La risposta immunitaria standard dei mammiferi di fronte a una ferita profonda o a un’amputazione prevede l’intervento dei fibroblasti, cellule deputate a sigillare rapidamente il danno tramite la formazione di tessuto cicatriziale. Questa reazione blocca l’emorragia ma impedisce la rigenerazione. Lo studio ha aggirato questo ostacolo applicando in sequenza due proteine specifiche: il fattore di crescita dei fibroblasti 2 (FGF2) e la proteina morfogenetica dell’osso 2 (BMP2).
L’azione della prima proteina, FGF2, modifica il comportamento dei fibroblasti nel sito della ferita, impedendo la cicatrizzazione e spingendo le cellule a formare un blastema, ovvero l’accumulo di cellule indifferenziate che gli anfibi usano come base per ricostruire i tessuti mancanti. Successivamente, l’applicazione di BMP2 fornisce i segnali biochimici necessari per avviare la costruzione vera e propria delle strutture anatomiche. Il trattamento combinato ha indotto lo sviluppo di nuove porzioni ossee, tendini, legamenti e strutture articolari in decine di test.

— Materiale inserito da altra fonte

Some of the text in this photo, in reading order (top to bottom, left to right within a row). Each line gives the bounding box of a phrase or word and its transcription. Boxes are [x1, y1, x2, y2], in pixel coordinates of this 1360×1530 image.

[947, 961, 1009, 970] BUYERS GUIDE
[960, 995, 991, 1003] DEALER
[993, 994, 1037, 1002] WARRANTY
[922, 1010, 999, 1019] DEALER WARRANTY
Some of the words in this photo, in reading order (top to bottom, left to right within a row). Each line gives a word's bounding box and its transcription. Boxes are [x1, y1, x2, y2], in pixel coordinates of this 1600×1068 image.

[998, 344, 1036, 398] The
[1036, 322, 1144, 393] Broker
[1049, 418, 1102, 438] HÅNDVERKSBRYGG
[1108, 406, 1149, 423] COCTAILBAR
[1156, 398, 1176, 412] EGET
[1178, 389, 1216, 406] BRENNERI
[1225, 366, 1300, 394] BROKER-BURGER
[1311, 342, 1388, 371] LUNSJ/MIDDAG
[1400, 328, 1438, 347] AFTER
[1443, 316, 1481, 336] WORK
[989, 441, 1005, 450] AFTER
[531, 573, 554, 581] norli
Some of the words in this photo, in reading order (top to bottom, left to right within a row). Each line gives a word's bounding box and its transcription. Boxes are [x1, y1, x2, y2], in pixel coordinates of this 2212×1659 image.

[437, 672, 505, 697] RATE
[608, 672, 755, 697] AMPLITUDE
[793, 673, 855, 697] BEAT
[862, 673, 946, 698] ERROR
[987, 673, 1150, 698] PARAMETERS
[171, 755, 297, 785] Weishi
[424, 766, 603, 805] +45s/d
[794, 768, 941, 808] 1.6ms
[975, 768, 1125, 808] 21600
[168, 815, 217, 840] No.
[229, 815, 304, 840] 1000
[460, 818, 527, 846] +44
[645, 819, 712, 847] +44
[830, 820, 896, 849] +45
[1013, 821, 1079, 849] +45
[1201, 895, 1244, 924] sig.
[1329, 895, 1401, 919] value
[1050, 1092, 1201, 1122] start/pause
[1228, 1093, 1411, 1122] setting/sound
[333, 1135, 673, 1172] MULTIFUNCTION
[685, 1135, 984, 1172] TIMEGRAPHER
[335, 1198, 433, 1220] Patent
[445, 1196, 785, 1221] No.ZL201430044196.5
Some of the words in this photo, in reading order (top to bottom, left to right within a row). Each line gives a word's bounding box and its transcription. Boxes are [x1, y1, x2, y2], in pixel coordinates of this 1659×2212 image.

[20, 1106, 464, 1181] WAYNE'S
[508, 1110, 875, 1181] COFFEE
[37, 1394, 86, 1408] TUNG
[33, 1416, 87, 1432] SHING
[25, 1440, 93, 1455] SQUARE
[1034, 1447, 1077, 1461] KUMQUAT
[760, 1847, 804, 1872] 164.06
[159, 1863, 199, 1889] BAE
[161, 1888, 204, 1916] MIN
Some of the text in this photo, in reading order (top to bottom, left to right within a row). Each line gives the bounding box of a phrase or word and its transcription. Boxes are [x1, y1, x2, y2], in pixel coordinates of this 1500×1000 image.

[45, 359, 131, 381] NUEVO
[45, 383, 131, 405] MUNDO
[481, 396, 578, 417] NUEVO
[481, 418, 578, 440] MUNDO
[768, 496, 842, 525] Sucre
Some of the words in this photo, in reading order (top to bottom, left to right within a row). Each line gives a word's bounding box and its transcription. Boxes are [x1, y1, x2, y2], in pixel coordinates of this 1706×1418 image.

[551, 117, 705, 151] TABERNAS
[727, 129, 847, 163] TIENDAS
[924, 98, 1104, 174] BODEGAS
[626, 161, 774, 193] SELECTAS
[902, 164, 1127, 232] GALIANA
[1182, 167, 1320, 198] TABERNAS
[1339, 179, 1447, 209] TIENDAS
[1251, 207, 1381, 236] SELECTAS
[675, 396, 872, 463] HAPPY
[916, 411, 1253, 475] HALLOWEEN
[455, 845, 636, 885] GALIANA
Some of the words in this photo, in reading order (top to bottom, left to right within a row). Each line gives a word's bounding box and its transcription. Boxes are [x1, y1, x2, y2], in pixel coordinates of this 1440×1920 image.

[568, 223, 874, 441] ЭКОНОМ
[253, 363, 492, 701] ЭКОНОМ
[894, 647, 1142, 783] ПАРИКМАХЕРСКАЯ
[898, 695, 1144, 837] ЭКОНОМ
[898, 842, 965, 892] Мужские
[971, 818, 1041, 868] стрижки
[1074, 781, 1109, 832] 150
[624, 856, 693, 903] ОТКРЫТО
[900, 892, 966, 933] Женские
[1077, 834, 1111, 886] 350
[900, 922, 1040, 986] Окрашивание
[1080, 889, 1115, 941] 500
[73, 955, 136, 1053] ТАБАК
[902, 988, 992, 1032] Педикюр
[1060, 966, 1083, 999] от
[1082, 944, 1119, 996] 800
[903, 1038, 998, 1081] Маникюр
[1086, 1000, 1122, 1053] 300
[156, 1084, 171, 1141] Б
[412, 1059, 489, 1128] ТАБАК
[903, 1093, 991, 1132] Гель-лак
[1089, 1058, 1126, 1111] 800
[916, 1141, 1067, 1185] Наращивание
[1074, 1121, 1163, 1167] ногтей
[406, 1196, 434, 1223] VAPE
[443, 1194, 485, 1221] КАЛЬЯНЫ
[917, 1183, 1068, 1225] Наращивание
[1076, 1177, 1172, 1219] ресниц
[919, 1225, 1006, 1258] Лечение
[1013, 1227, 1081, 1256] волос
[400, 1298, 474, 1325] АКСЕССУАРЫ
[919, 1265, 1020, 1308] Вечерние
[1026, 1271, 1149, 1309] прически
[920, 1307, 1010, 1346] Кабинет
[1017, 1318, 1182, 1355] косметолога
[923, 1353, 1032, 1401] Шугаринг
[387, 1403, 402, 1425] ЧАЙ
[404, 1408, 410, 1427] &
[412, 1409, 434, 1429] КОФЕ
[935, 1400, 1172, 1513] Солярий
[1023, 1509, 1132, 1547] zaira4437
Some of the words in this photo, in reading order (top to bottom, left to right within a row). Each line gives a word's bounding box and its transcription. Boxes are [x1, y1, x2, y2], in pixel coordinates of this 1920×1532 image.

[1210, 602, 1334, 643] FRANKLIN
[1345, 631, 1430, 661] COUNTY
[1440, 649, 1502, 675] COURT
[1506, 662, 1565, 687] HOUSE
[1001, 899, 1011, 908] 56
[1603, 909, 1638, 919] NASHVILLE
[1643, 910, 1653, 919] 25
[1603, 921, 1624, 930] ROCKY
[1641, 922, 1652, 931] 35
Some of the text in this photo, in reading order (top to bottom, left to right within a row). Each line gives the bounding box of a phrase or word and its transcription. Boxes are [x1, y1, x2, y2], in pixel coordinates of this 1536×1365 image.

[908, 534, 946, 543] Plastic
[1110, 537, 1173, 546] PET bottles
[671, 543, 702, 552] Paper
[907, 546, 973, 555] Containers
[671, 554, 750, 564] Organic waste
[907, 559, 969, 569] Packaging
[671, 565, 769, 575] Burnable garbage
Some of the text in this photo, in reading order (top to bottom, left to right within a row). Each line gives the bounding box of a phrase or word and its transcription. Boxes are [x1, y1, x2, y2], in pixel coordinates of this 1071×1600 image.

Larry Suva, fisiologo veterinario e coautore della ricerca pubblicata su Nature Communications, ha sottolineato l’originalità del metodo: a differenza delle terapie convenzionali che prevedono l’inoculazione esterna di cellule staminali, questa tecnica sfrutta le cellule già presenti sul sito della lesione, “riprogrammando” i loro segnali di sviluppo. Le molecole impiegate sono già note alla chirurgia ricostruttiva umana; il prossimo obiettivo scientifico sarà quello di perfezionare i segnali molecolari per fare in modo che la forma dell’arto ricresciuto corrisponda esattamente a quella originale.